Botswana’s new pitch for male circumcision
Botswana’s government has enlisted the help of popular musicians and has launched an advertising campaign touting the benefits of safe male circumcision, AFP reports. In the past three years the country’s male circumcision programme has circumcised only 7 percent of the 460,000 men it aims to reach. Male circumcision programmes in other countries in southern Africa, the region hardest hit by HIV, are also falling short of their goals. The article notes that Botswana has no tradition of male circumcision, “giving the government a tough sales pitch — even for a procedure done with local anesthetic, taking only a few minutes and requiring only a few days recovery.” Popular musicians Odirile Vee Sento and Oliver Mtukudzi have teamed up to compose a song in English about male circumcision that is being broadcast across southern Africa (AFP, 14 May 2012).

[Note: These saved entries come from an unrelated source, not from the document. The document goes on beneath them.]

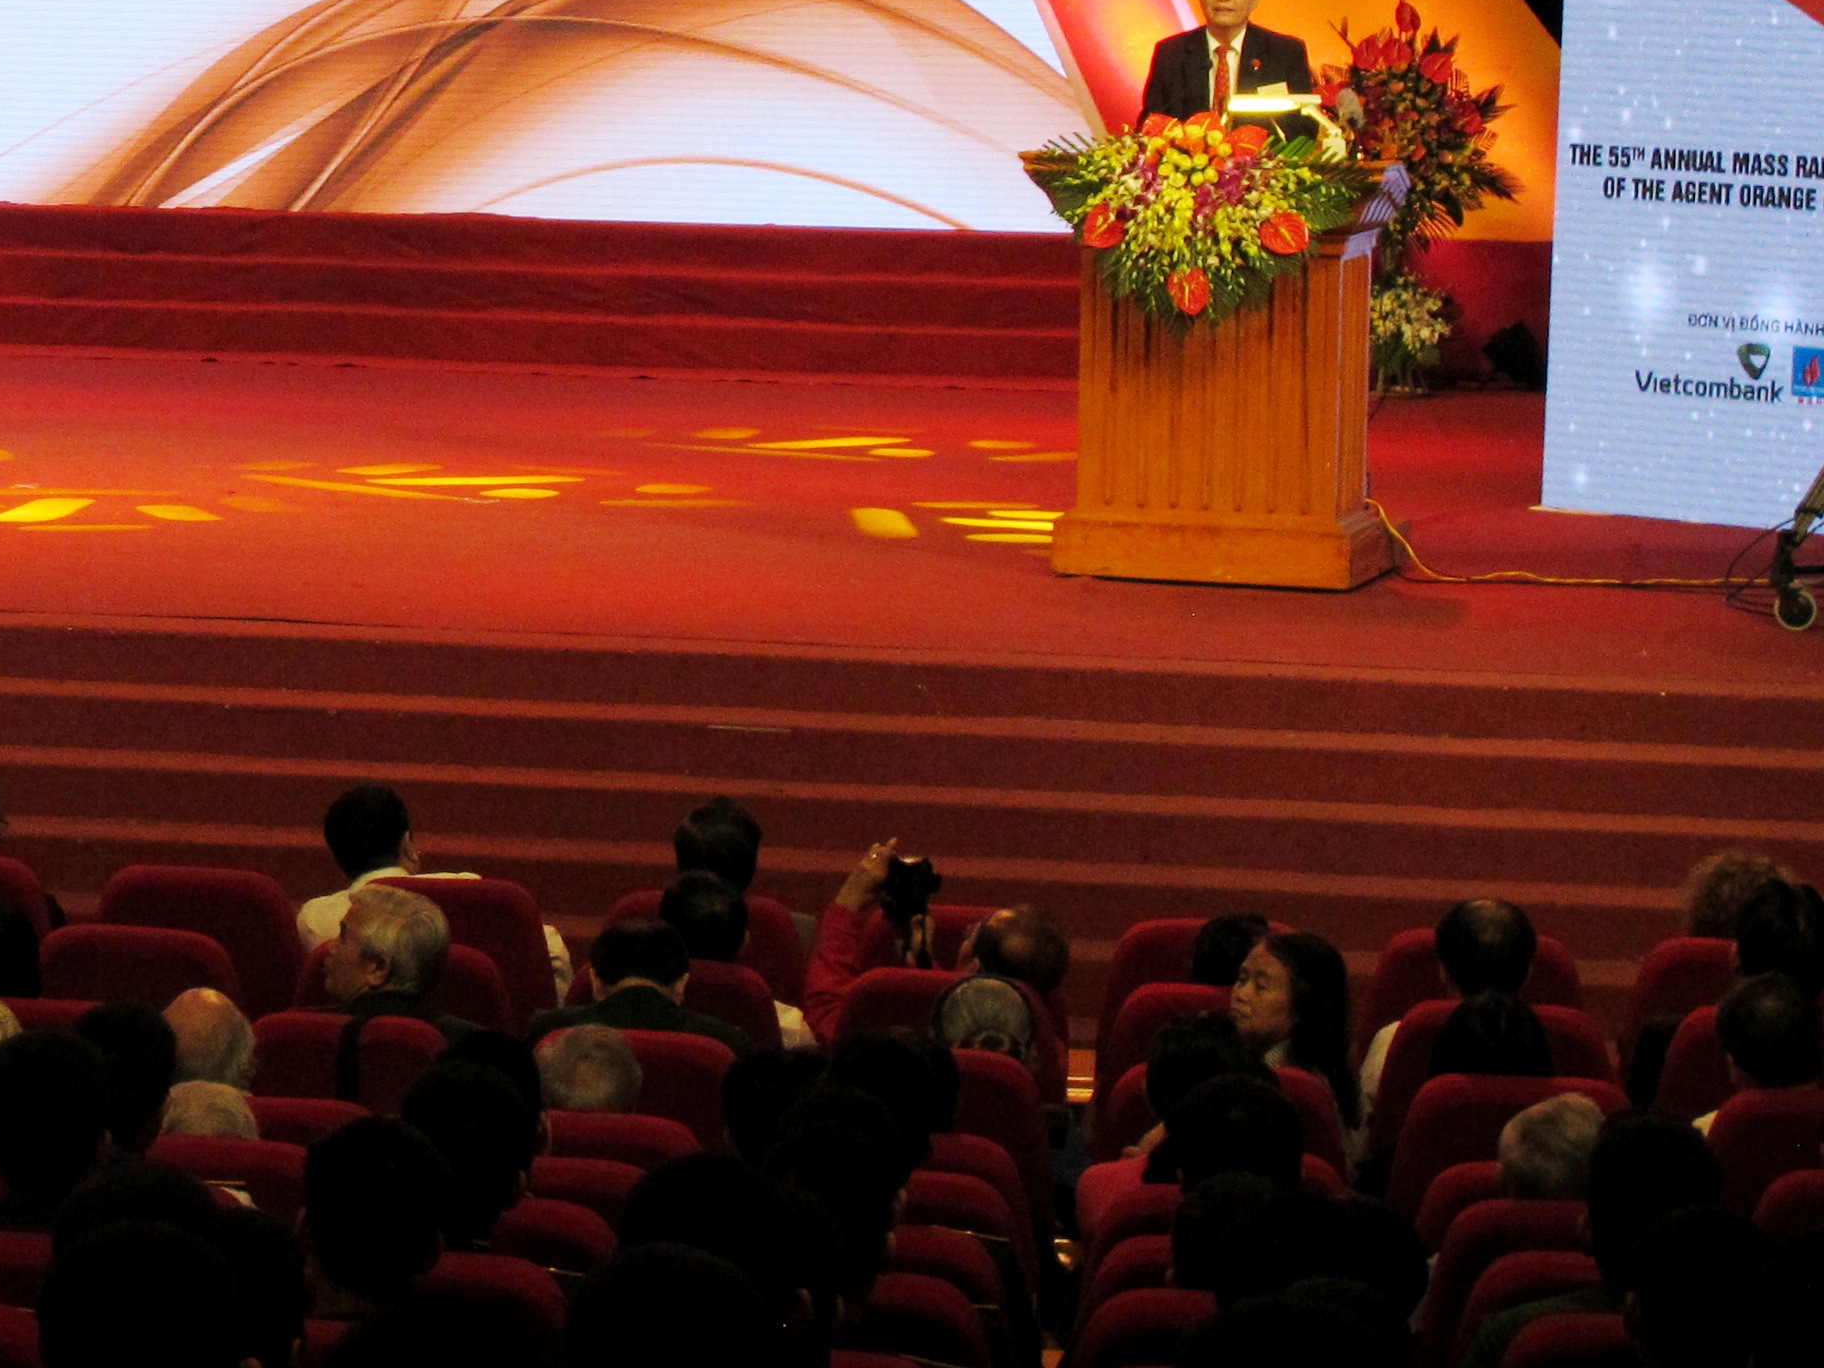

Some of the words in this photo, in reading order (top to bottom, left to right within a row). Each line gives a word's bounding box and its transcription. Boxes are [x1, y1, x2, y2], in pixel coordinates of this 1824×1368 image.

[1570, 143, 1602, 166] THE
[1651, 148, 1726, 173] ANNUAL
[1733, 152, 1788, 176] MASS
[1603, 176, 1626, 199] OF
[1632, 178, 1665, 201] THE
[1672, 181, 1733, 205] AGENT
[1740, 184, 1817, 210] ORANGE
[1635, 370, 1784, 403] Vietcombank

Safety assessed in rural outreach settings
A study of male circumcision performed at Marie Stopes International mobile outreach sites in Kenya’s Nyanza and Western Provinces in 2008 found low rates of complications and high rates of client satisfaction. A total of 240 men and boys were circumcised over three months by registered nurses, surgical technicians, or nurse aides. Complications occurred in just three (1.3 percent) of the 240 procedures. At the follow-up visits on days three and seven, more than 91 percent of clients were capable of resuming their daily activities; by day 30, all could do so. The majority of patients (99 percent) reported being satisfied with the procedure, counseling, and information received. “Male circumcisions can be delivered safely and successfully by mid-level providers in rural settings with high client satisfaction, thereby increasing access to HIV prevention services” the authors concluded (HIV AIDS [Auckl.], 10 April 2012).